* **Work instructions**: Each record below should be reproduced as it is written, with pictures left out entirely.

Dataset items
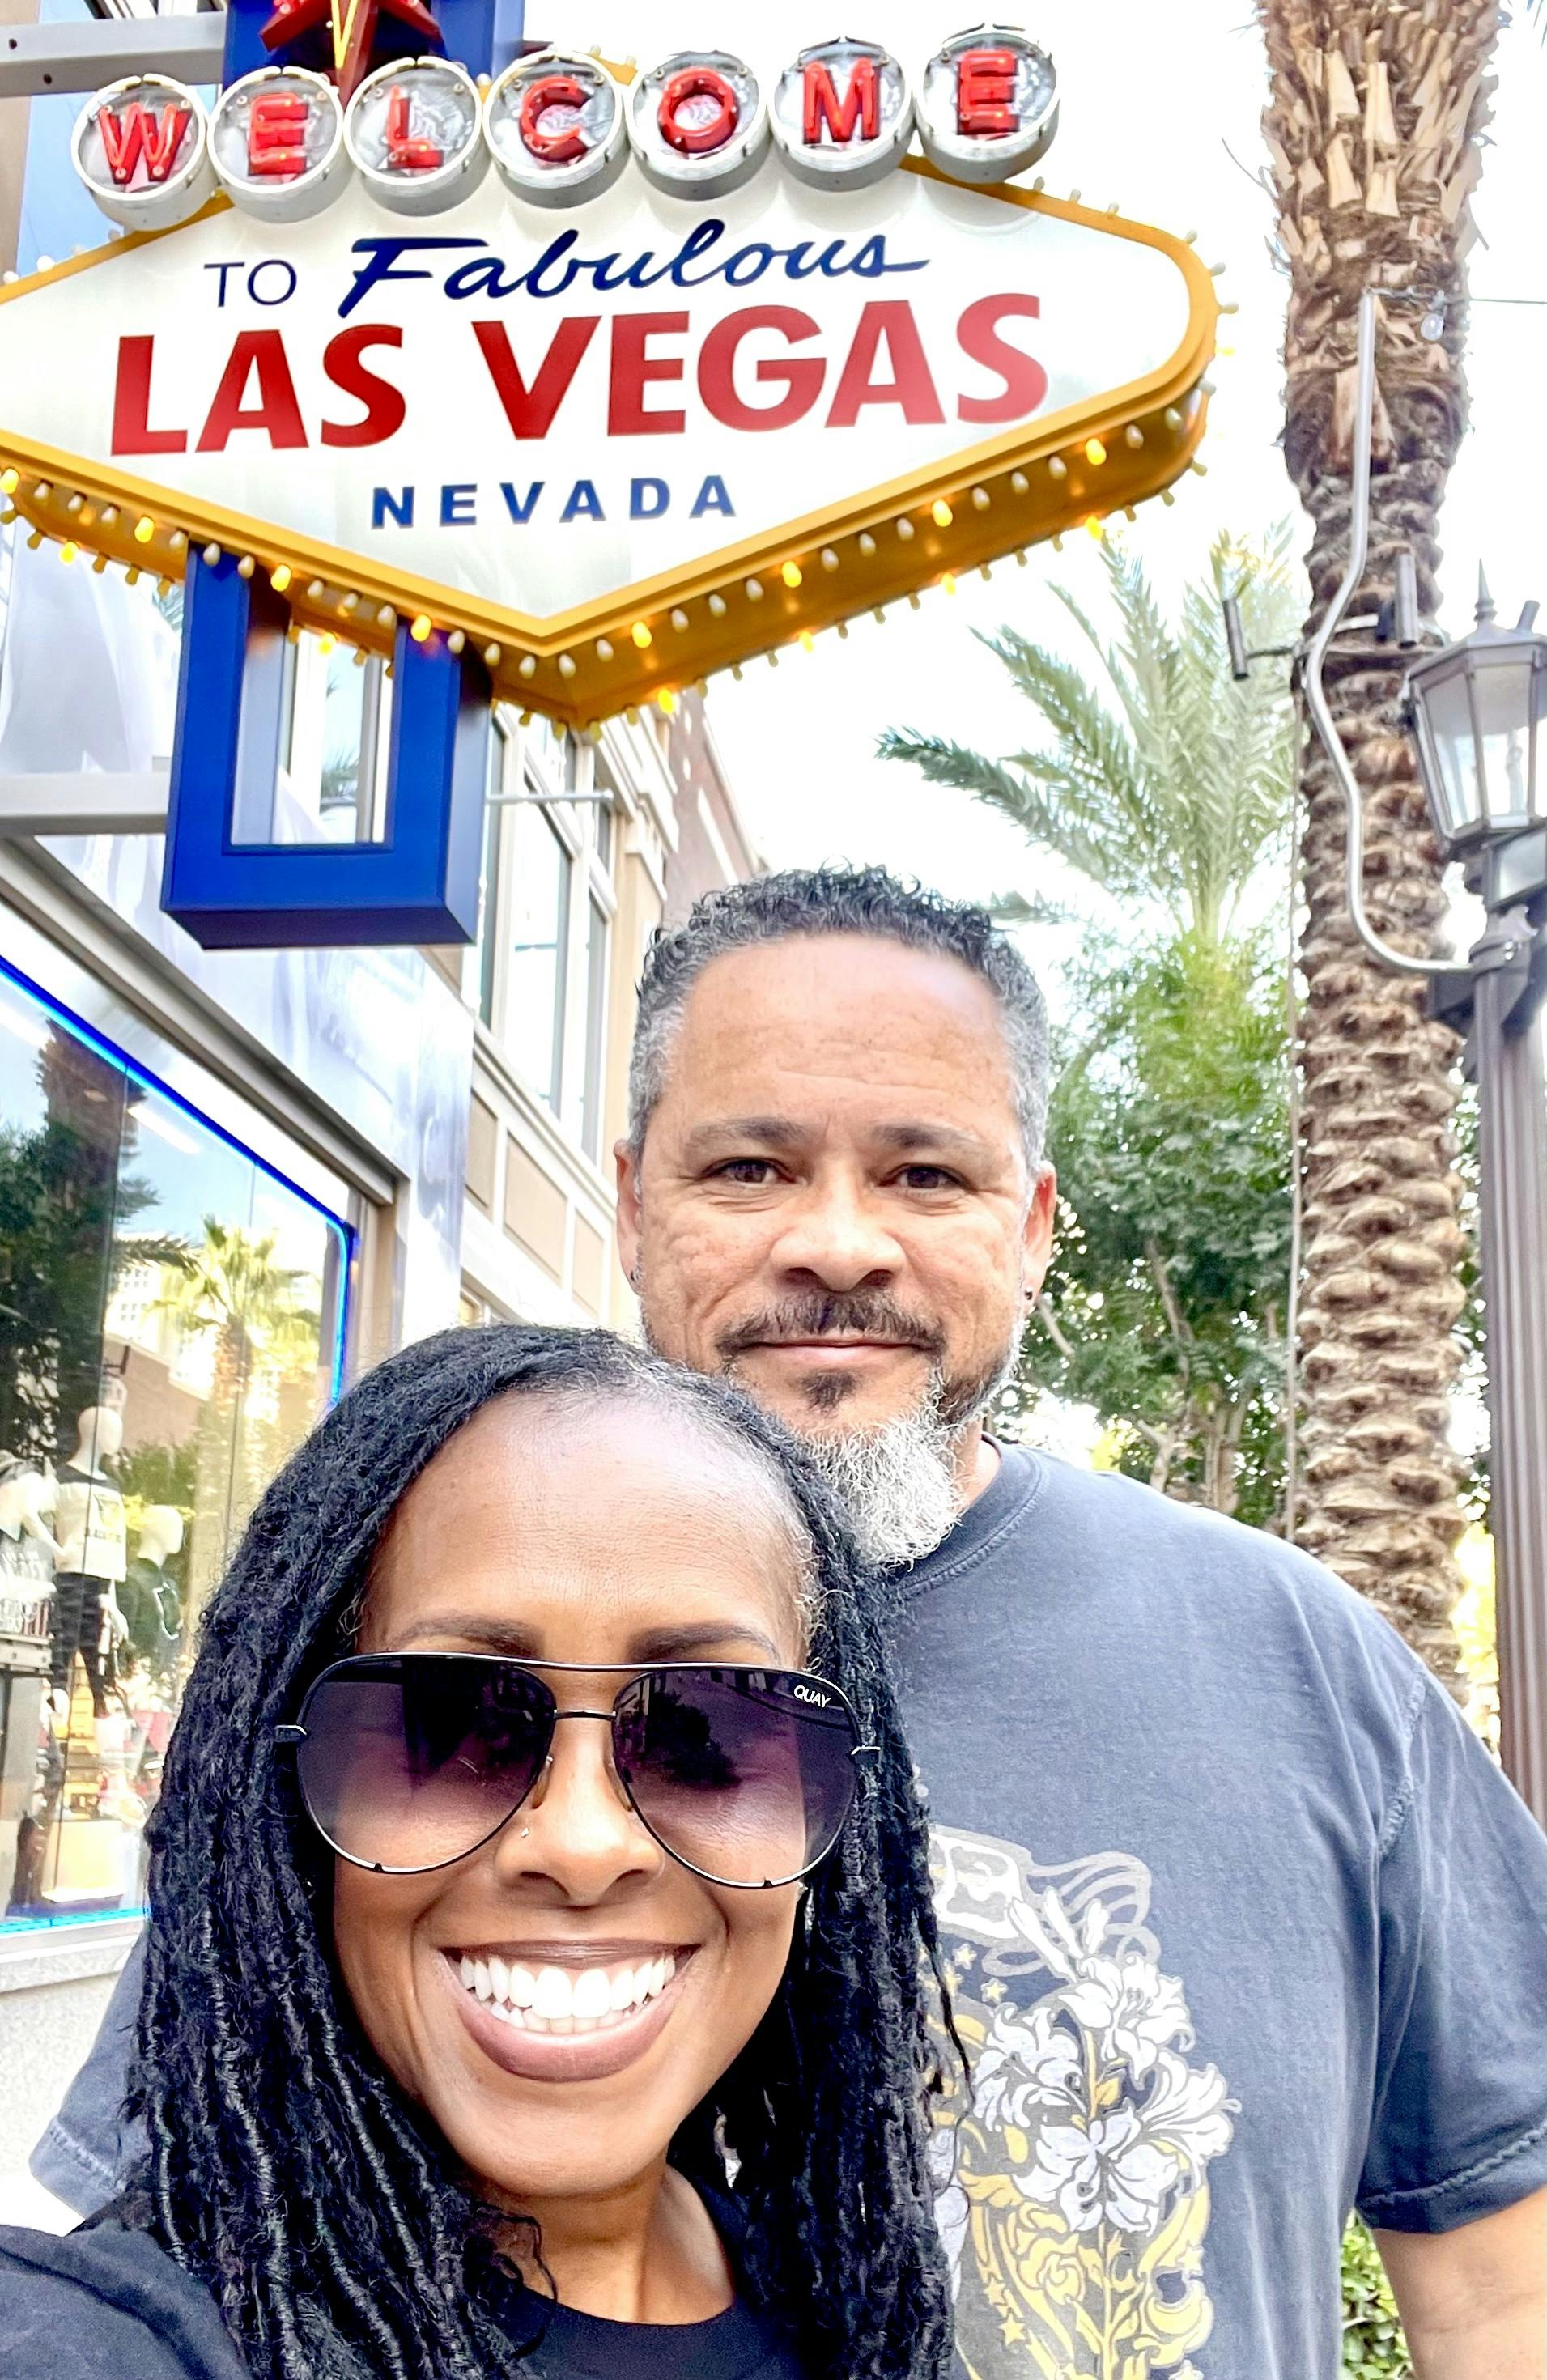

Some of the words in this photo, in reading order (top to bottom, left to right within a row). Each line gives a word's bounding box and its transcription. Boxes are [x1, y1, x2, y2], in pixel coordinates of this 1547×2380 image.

[99, 47, 1018, 186] WELCOME
[204, 260, 297, 307] TO
[338, 219, 930, 318] Fabulous
[111, 322, 406, 457] LAS
[471, 293, 1048, 440] VEGAS
[372, 474, 736, 530] NEVADA
[794, 1685, 831, 1708] QUAY

* **Response area**:
Some of the words in this photo, in reading order (top to bottom, left to right within a row). Each line gives a word's bounding box and its transcription. Boxes are [x1, y1, x2, y2], in pixel coordinates of this 1547×2380 image.

[99, 47, 1018, 186] WELCOME
[204, 260, 297, 307] TO
[338, 219, 930, 318] Fabulous
[111, 322, 406, 457] LAS
[471, 293, 1048, 440] VEGAS
[372, 474, 736, 530] NEVADA
[794, 1685, 831, 1708] QUAY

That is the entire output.